O Rio tem mais aposentados (cerca de 245 mil) do que servidores na
ativa (em torno de 226 mil), uma aberração que compromete as finanças de
qualquer ente público. Trata-se, portanto, de um impasse estrutural,
que requer mudanças profundas. A conjuntura também afetou a performance
econômica do Rio. O impacto da crise da Petrobras, devassada por um
esquema de corrupção, abalou as finanças do Estado, e a queda na
arrecadação com os royalties do petróleo, que despencou quase 40% apenas
no ano passado, causaram sérios prejuízos.
Há saídas para a crise?
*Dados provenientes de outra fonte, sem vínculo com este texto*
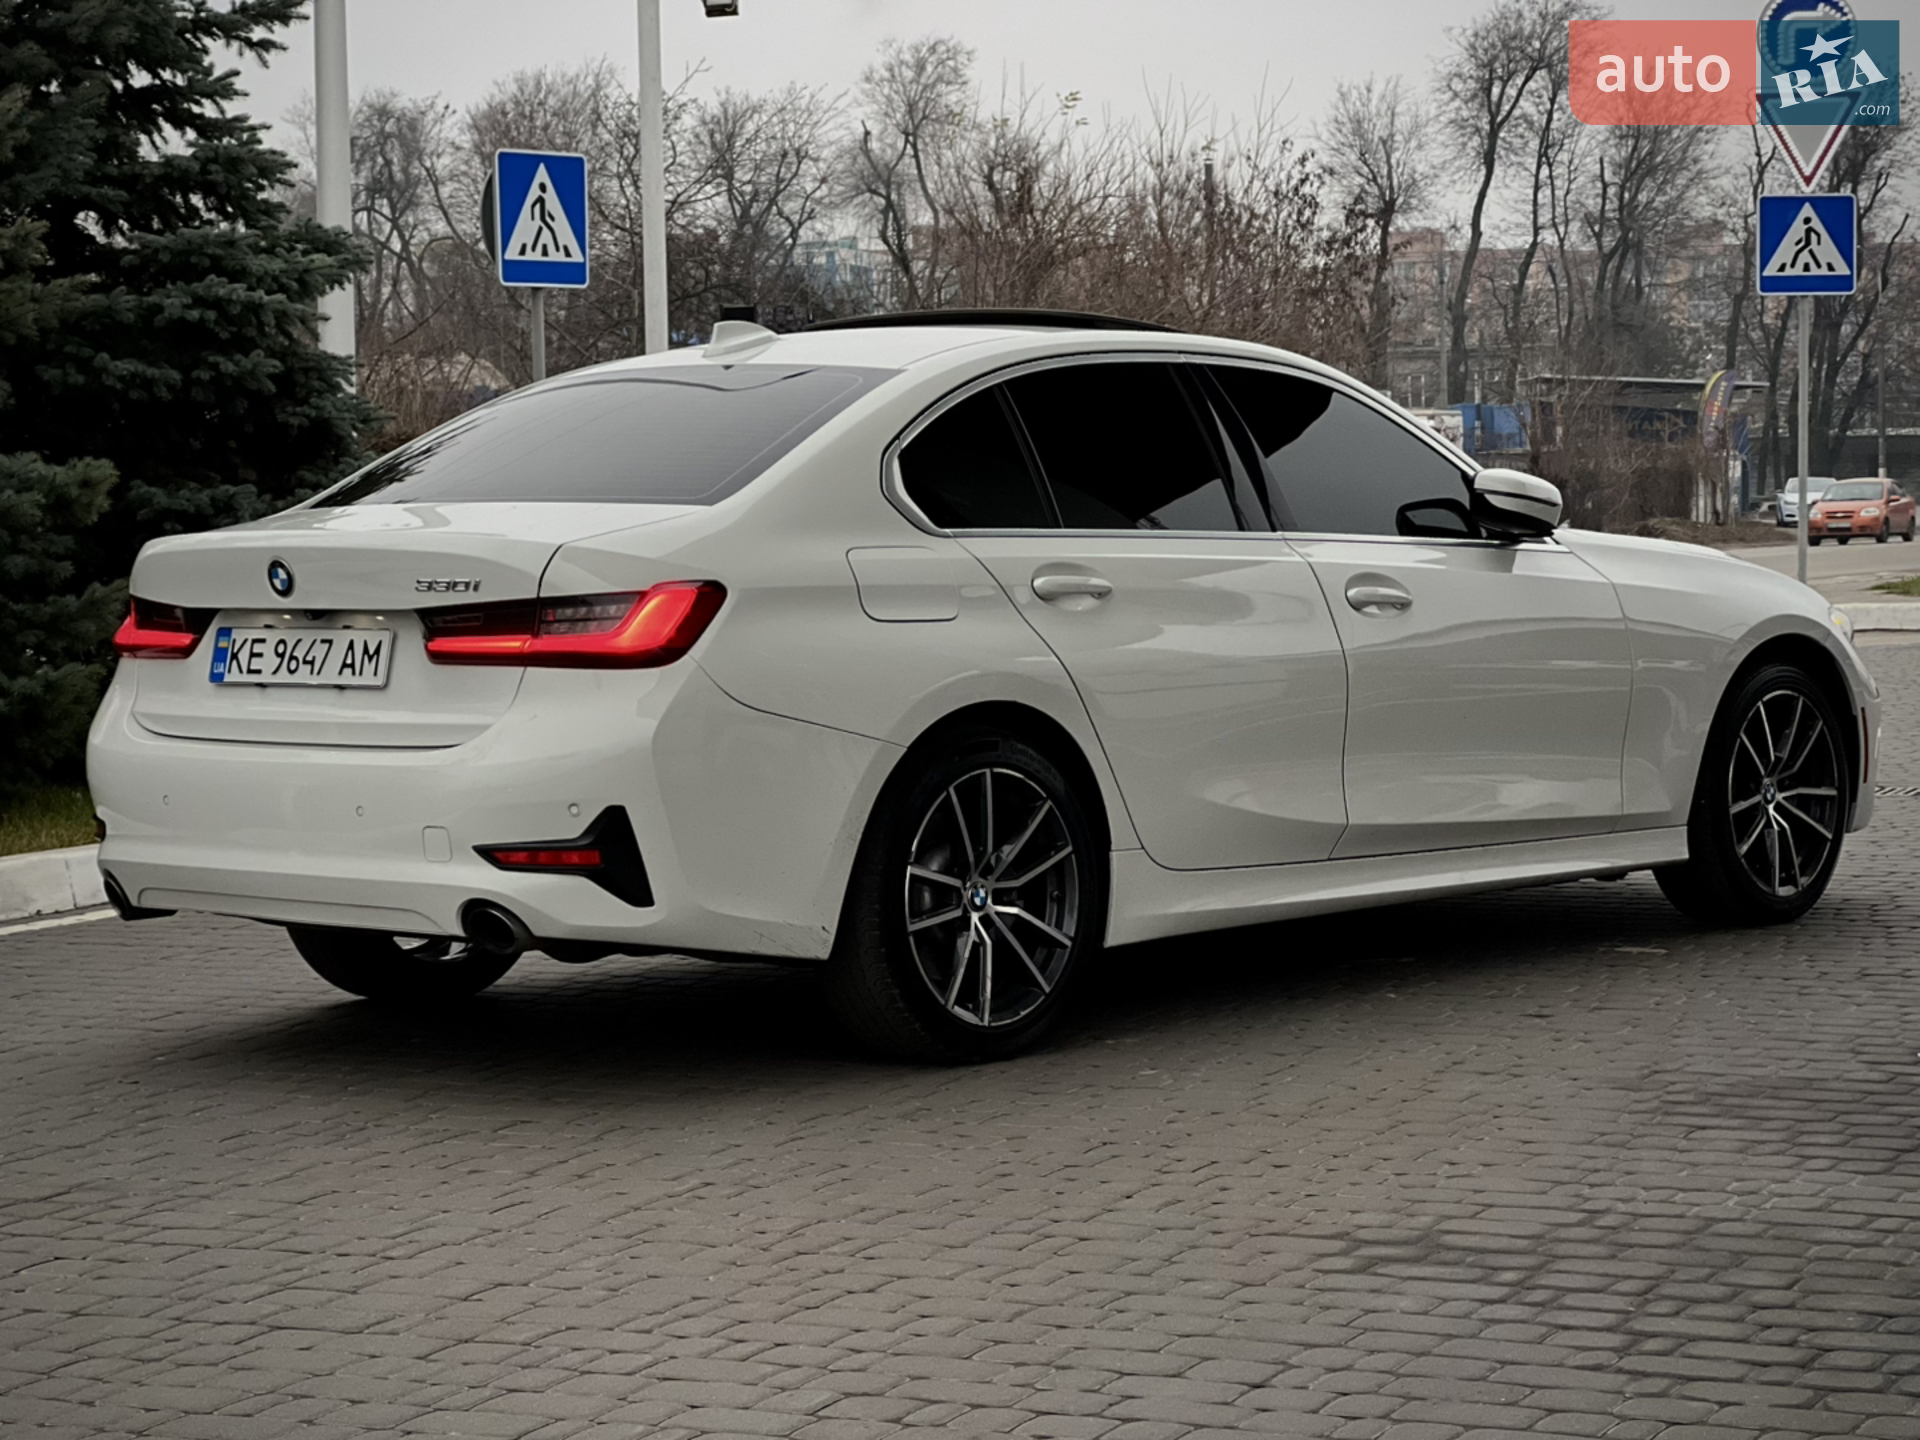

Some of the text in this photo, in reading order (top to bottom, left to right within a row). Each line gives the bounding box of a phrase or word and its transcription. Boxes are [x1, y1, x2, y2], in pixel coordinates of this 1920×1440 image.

[414, 578, 482, 593] 330i
[227, 637, 383, 677] KE 9647 AM
[212, 661, 226, 674] UA
De acordo com especialistas entrevistados por
ISTOÉ, é possível seguir um caminho diferente. A reforma administrativa
é o primeiro deles. “A crise do Rio se deve à incapacidade de gestão
das despesas, do enquadramento entre as receitas que entram e o dinheiro
que sai”, afirma o economista Alberto Borges Matias, especialista em
contas públicas. Nessa conta, está o aumento absurdo de despesas com
pessoal. Segundo relatório do Tribunal de Contas do Estado (TCE)
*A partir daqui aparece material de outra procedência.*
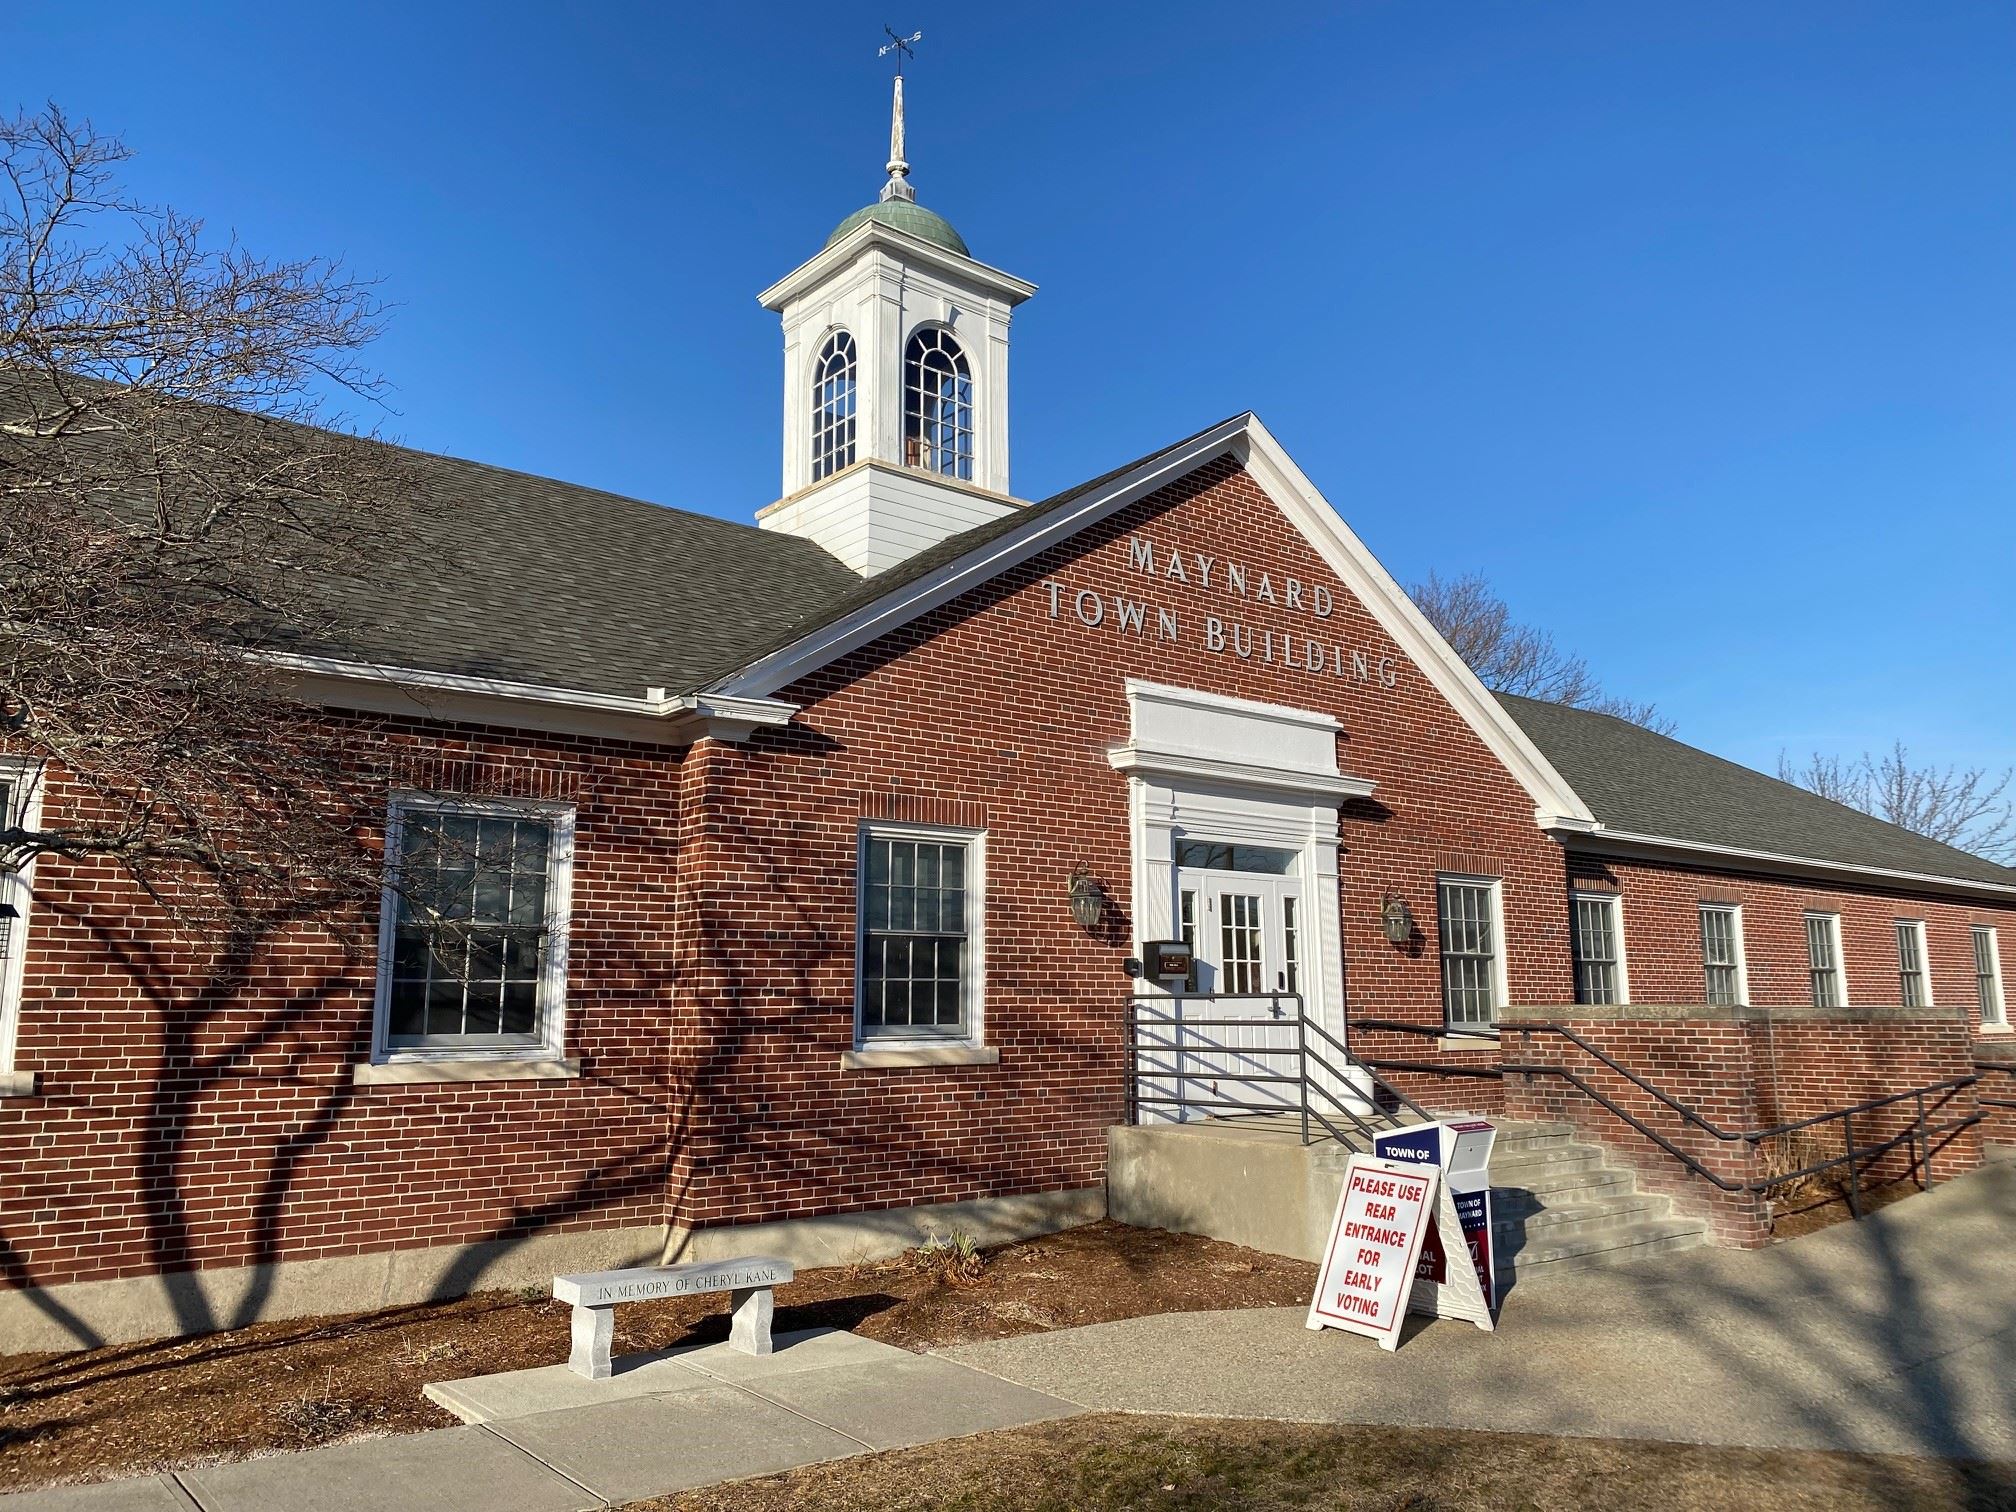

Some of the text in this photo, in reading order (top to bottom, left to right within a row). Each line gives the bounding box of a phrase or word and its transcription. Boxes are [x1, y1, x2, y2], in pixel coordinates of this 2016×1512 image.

[1128, 536, 1333, 618] MAYNARD
[1042, 580, 1396, 687] TOWN BUILDING
[1385, 1146, 1430, 1160] TOWN OF
[1352, 1176, 1422, 1202] PLEASE USE
[1365, 1202, 1396, 1222] REAR
[1456, 1198, 1481, 1210] TOWN OF
[1344, 1221, 1406, 1248] ENTRANCE
[1357, 1248, 1380, 1267] FOR
[599, 1269, 777, 1300] IN MEMORY OF CHERYL KANE
[1344, 1270, 1383, 1292] EARLY
[1337, 1292, 1379, 1317] VOTING
publicado no Diário Oficial na terça-feira 21, as despesas do Rio com
funcionários da ativa e aposentados aumentaram 18,8% nos últimos cinco
anos, já descontada a inflação. Borges diz que uma gestão mais
equilibrada seria suficiente para evitar que o Estado fluminense fosse,
entre todos os da federação, o que registrou maior crescimento de gastos
com pessoal. A saída, aponta ele, nem precisaria ser traumática. “Basta
cortar os salários astronômicos, as horas extras e os benefícios
exagerados.”
Para o secretário estadual de Planejamento, Júlio Bueno, o crescimento
de pessoal não é a questão central e, sim, a crise estrutural da
Previdência. A solução para essa questão, segundo ele, passa pela esfera
federal. “Para cada coronel da Polícia Militar na ativa, o Rio tem hoje
60 inativos. A legislação é anacrônica e precisa ser modificada”, diz
Bueno. A outra alternativa é limitar a idade mínima para a
aposentadoria, associada ao fim da paridade de aumentos entre ativos e
inativos. Segundo o secretário, as leis que regem esses disparates podem
ser alteradas rapidamente. Mas dependem, claro, de disposição política.
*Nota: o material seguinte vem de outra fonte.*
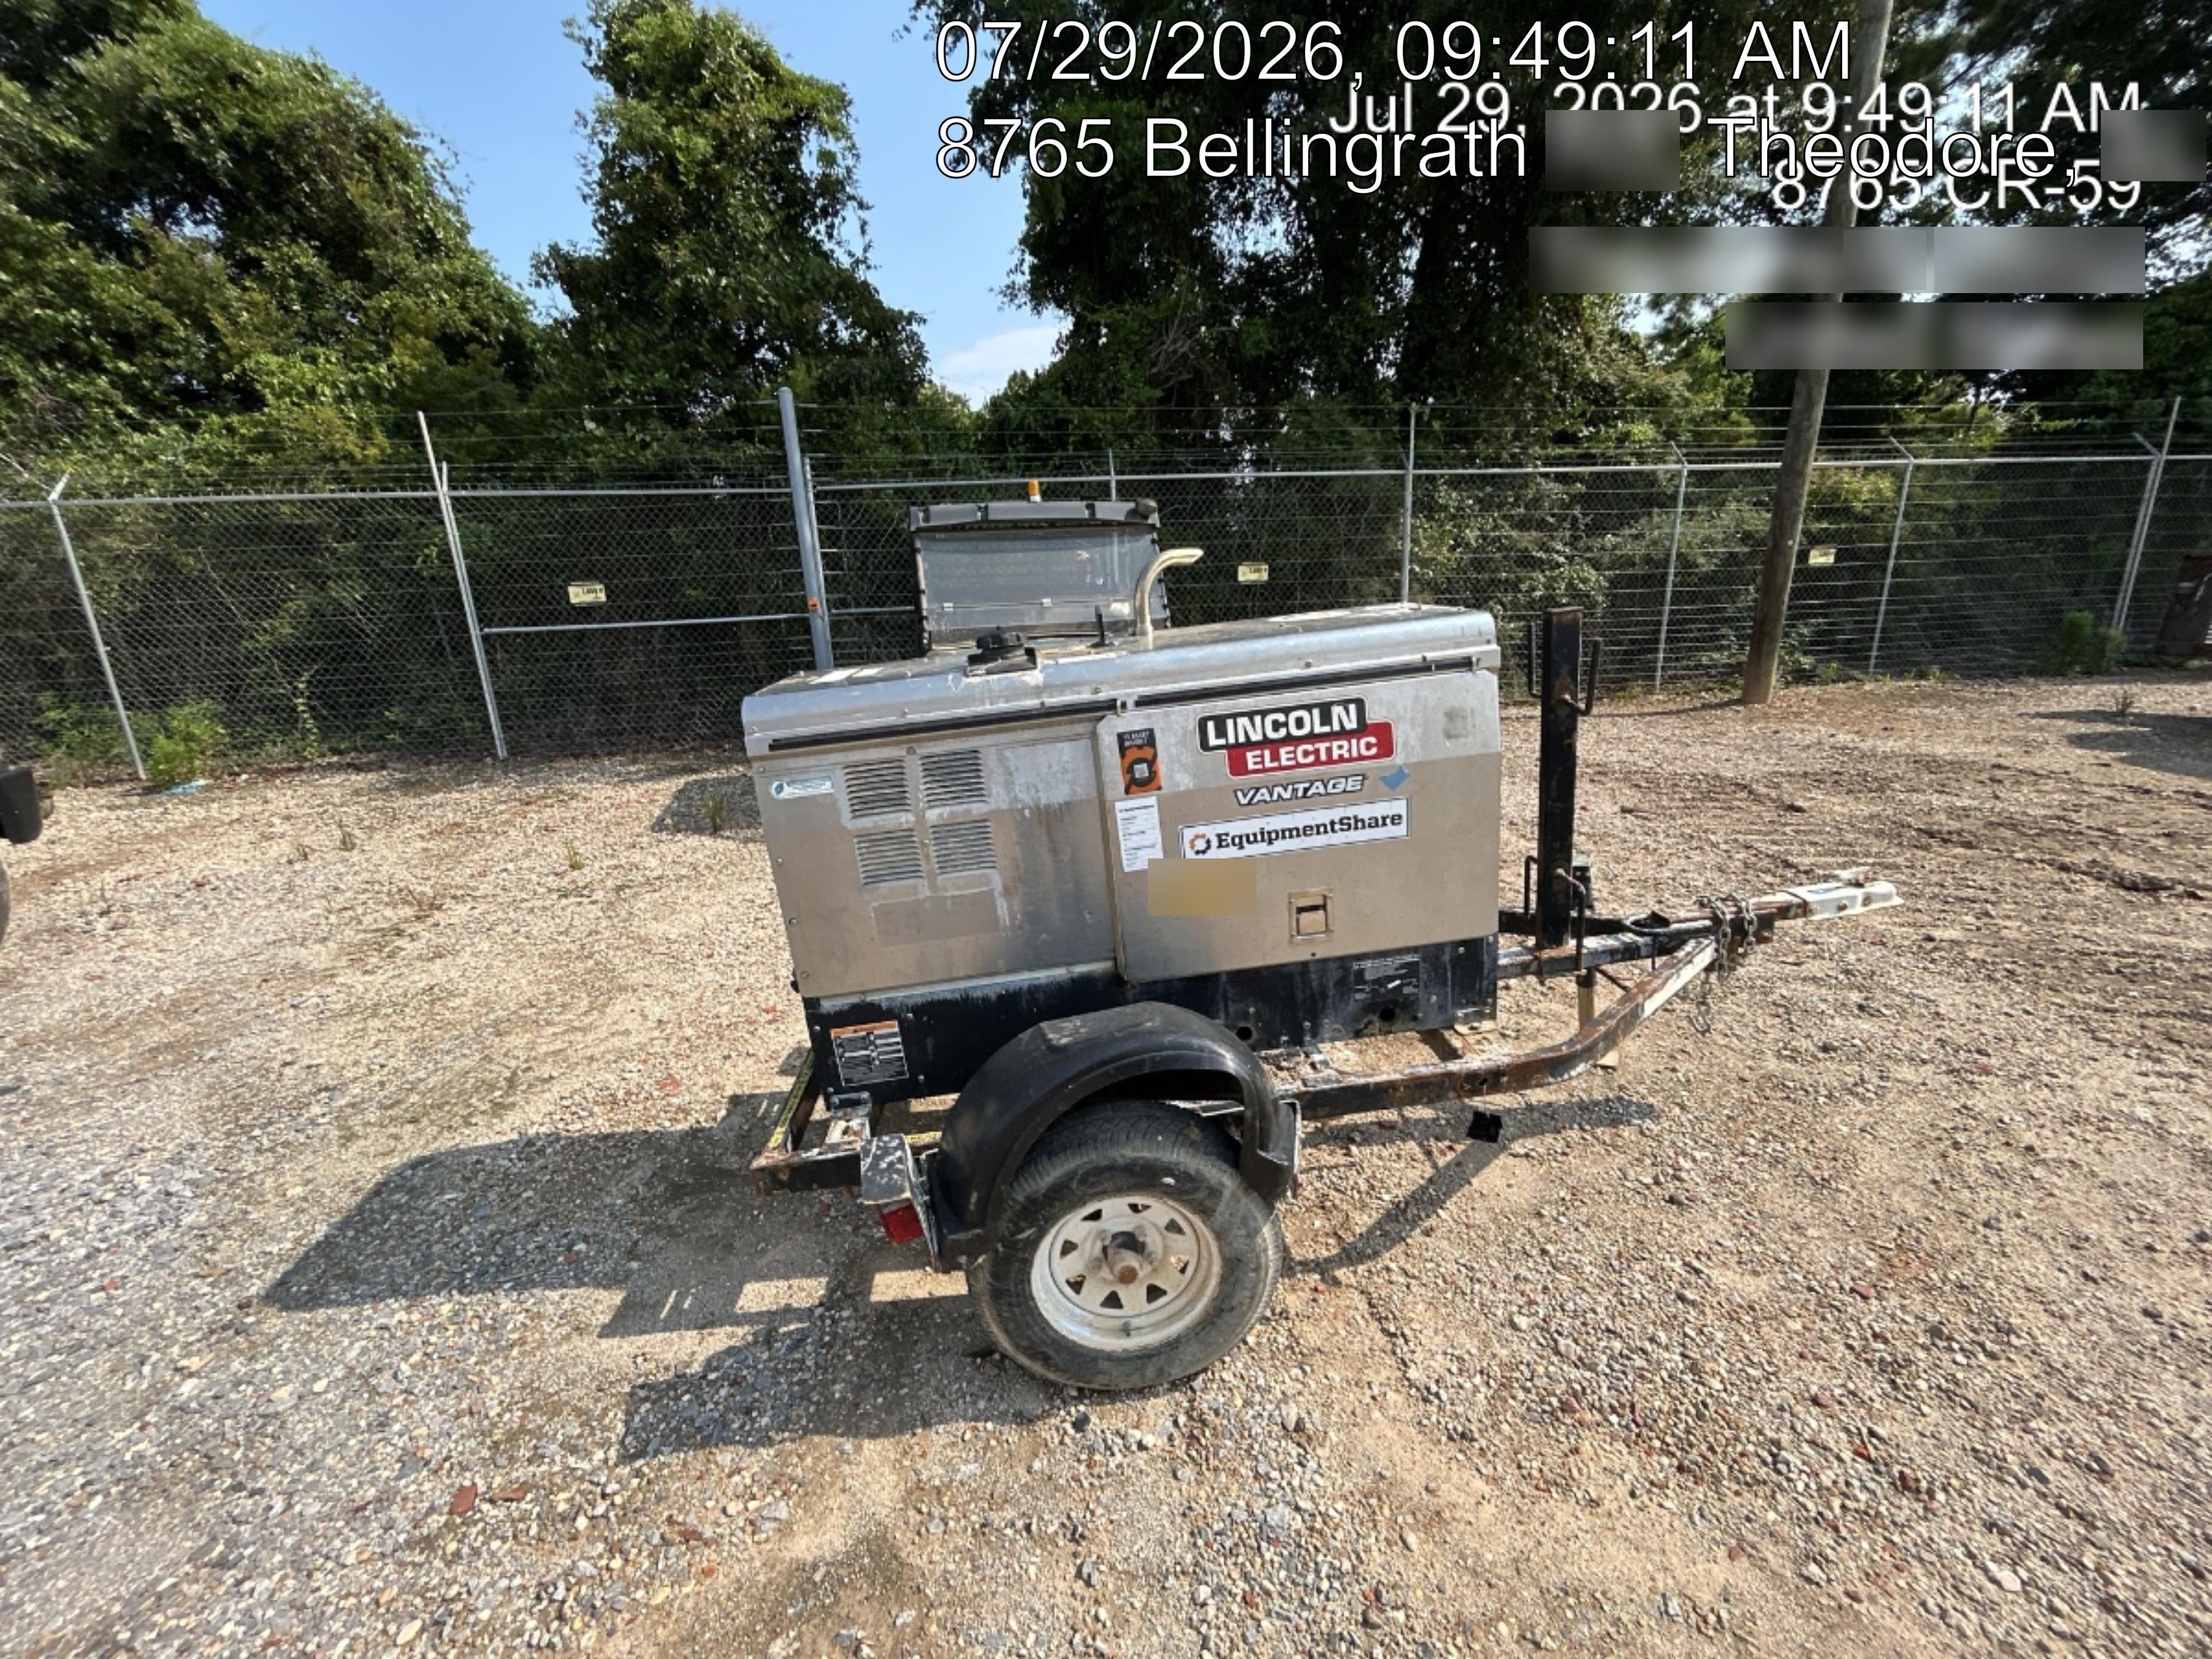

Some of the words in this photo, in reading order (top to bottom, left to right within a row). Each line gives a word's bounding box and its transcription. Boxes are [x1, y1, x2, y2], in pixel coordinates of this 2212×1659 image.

[1206, 703, 1359, 747] LINCOLN
[1245, 735, 1378, 772] ELECTRIC
[1234, 774, 1367, 806] VANTAGE
[1215, 812, 1404, 852] EquipmentShare
Parte da calamidade do Rio se deve à queda drástica do preço do petróleo
e aos escândalos de corrupção na Petrobras. A arrecadação gerada pelo
setor petrolífero despencou de R$ 8 bilhões em 2014 para R$ 3,6 bilhões
em 2016. Cerca de 80% das atividades da Petrobras estão inseridas no
Rio, fazendo com que o impacto da crise na empresa atinja em cheio as
finanças do Estado. Para o pesquisador José Roberto Afonso, da Fundação
Getulio , a “óleo dependência” está no centro da crise. O economista
Sérgio Besseramn, ex-presidente do IBGE, concorda. “O Rio sempre tratou
os royalties de petróleo como se fossem mais um imposto, e usou o
dinheiro para pagar contas quando deveria ter feito uma poupança”,
afirma. “Isso precisa mudar.” O quadro é grave, mas o Rio é
suficientemente forte para superá-lo.